Sans conteste, ces arrestations sont un pas dans la bonne direction. Mais le véritable test pour le gouvernement –fait-il réellement tout ce qu'il peut pour stopper les viols de Kavumu, comme tous les autres dans le reste du pays?– est à venir.

Panne judiciaire

On sait combien la justice au Congo est dysfonctionnelle, surtout pour les milliers de victimes de viol –par exemple, aucune d'entre elles n'a encore reçu un centime de dédommagement, malgré les décisions judiciaires ordonnant de telles réparations. Reste que ces derniers mois, le groupe de travail luttant contre les viols de Kavumu a réussi à transférer les dossiers du système judiciaire civil au miliaire. Ce qui est une bonne chose: si les tribunaux civils ont globalement tout d'une blague, selon divers experts judiciaires avec qui je me suis entretenue, les cours militaires ont réussi ces dernières années à extirper quelques condamnations pour crimes de masse envers des victimes civiles.

Mais le système militaire est encore loin d'être parfait. En 2013, lors du procès de 39 soldats congolais accusés d'avoir violé au moins 76 femmes à Minova, dans la province du Sud-Kivu, seuls deux troufions ont été finalement condamnés. Aucun officier ne fut déclaré responsable, faute de preuves selon les explications que m'a données l'un des magistrats ayant travaillé sur ce dossier. Ce qui en dit long sur le manque de formation et de ressources des enquêteurs. Une situation qui ne s'est pas arrangée depuis, selon des experts judiciaires. Le Congo ne possède aucun système de collecte ADN, et même si c'était le cas, on douche souvent les victimes de viol quand elles arrivent à l'hôpital, dans un fâcheux espoir de les laver de leur affront.

Crimes contre l'humanité

Concernant les viols de Kavumu, il y a des raisons d'espérer une meilleure procédure. À l'hôpital de Panzi, à chaque victime soignée, les médecins ont méticuleusement consigné toutes les données possibles, qui a permis de préserver beaucoup de preuves matérielles (même si un certain nombre de petites filles n'a pas fait le déplacement jusqu'à cet établissement). De même, Physicians for Human Rights, une ONG américaine, a fait en sorte que tous les cas soient regroupés en un seul et même dossier, pour la tenue d'un seul et même procès pour crime de masse. Et malgré les maigres ressources fournies par Kinshasa, Bodeli a pu enquêter sur toutes les agressions, immédiatement après les faits.
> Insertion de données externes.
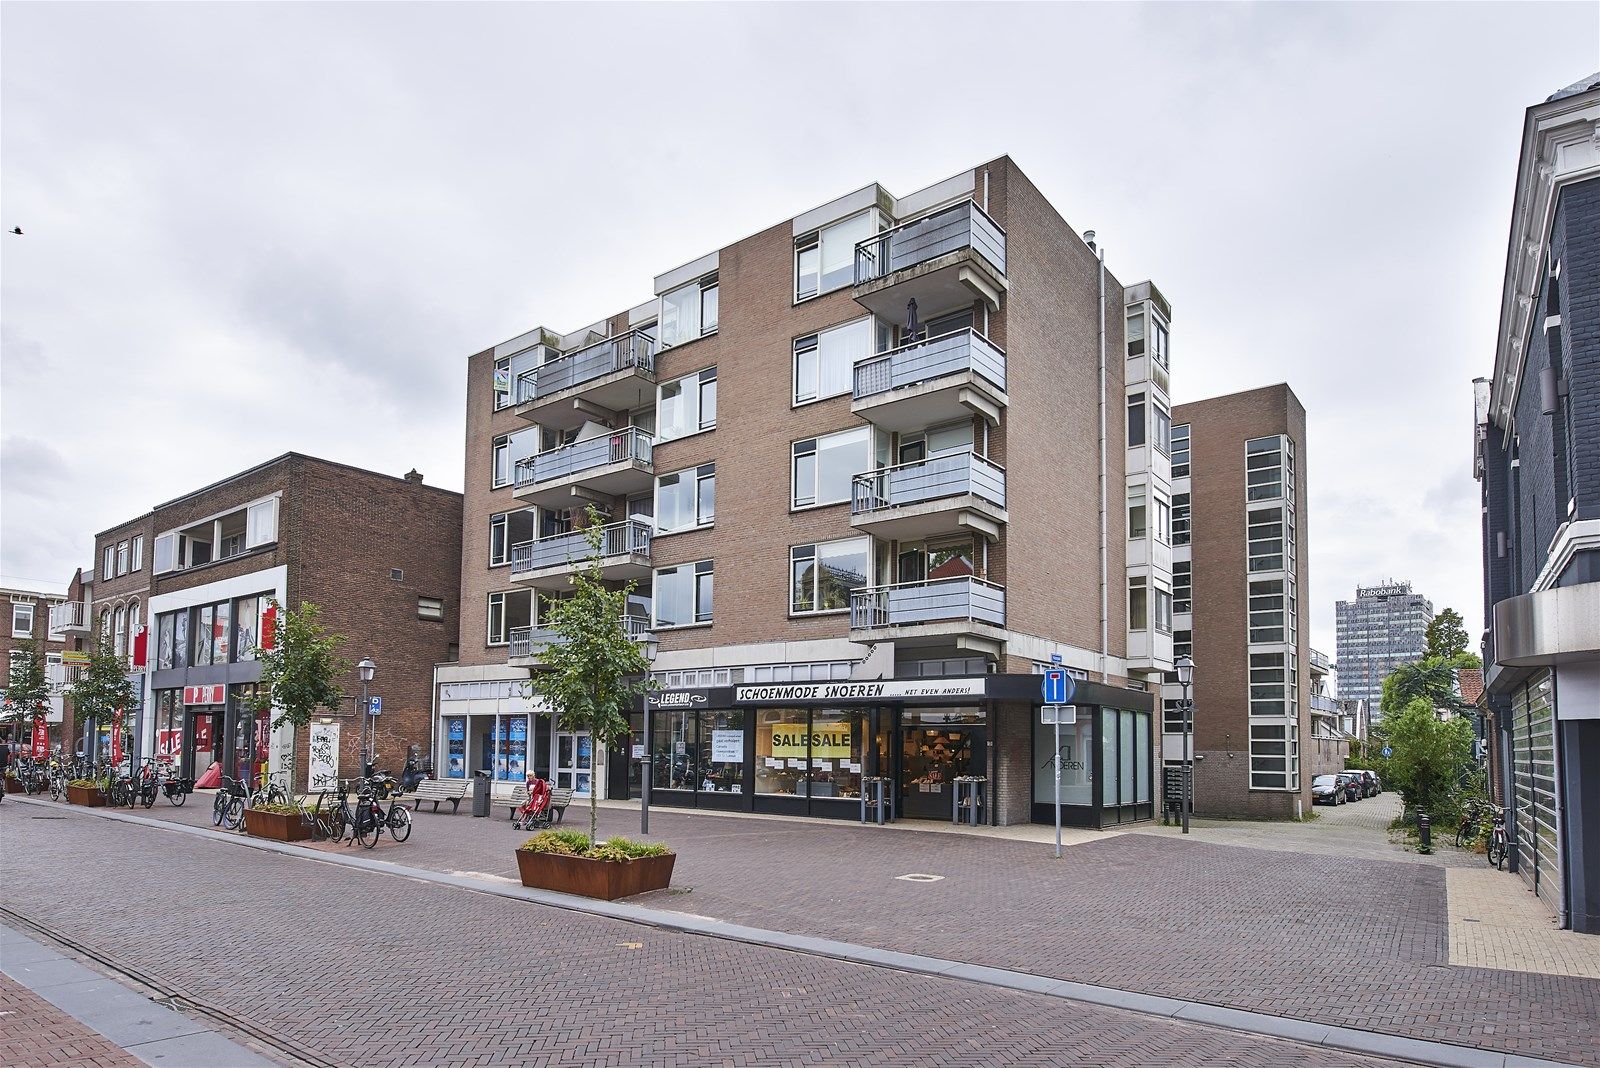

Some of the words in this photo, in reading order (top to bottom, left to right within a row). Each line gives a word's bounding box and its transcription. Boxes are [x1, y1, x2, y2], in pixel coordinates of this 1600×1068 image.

On peut espérer que l'attention internationale portée à cette affaire garantisse un procès en bonne et due forme

Les hommes arrêtés ont été inculpés pour crimes contre l'humanité, viol, meurtre, participation à une insurrection et assassinat de personnel militaire, détaille Bodeli. On peut espérer que l'attention internationale portée à cette affaire garantisse un procès en bonne et due forme, même s'il n'est pas difficile d'imaginer la faute retomber, une fois de plus, sur des sous-fifres ou le suspect principal réussir à se dérober à la justice grâce à des pots de vin.

La peur

Mais même si la justice suit son cours et que le cauchemar de Kavumu arrive à son terme, les victimes nécessiteront des années de soins médicaux et psychologiques. Leurs familles devront, elles aussi, recouvrer une once de normalité dans un endroit où les maisons sont faites de bric et de broc et les portes impossibles à fermer à clé. Dans la communauté, les traumatismes sont si profonds qu'il n'est même pas certain que la justice soit suffisante pour apaiser la meurtrissure des âmes.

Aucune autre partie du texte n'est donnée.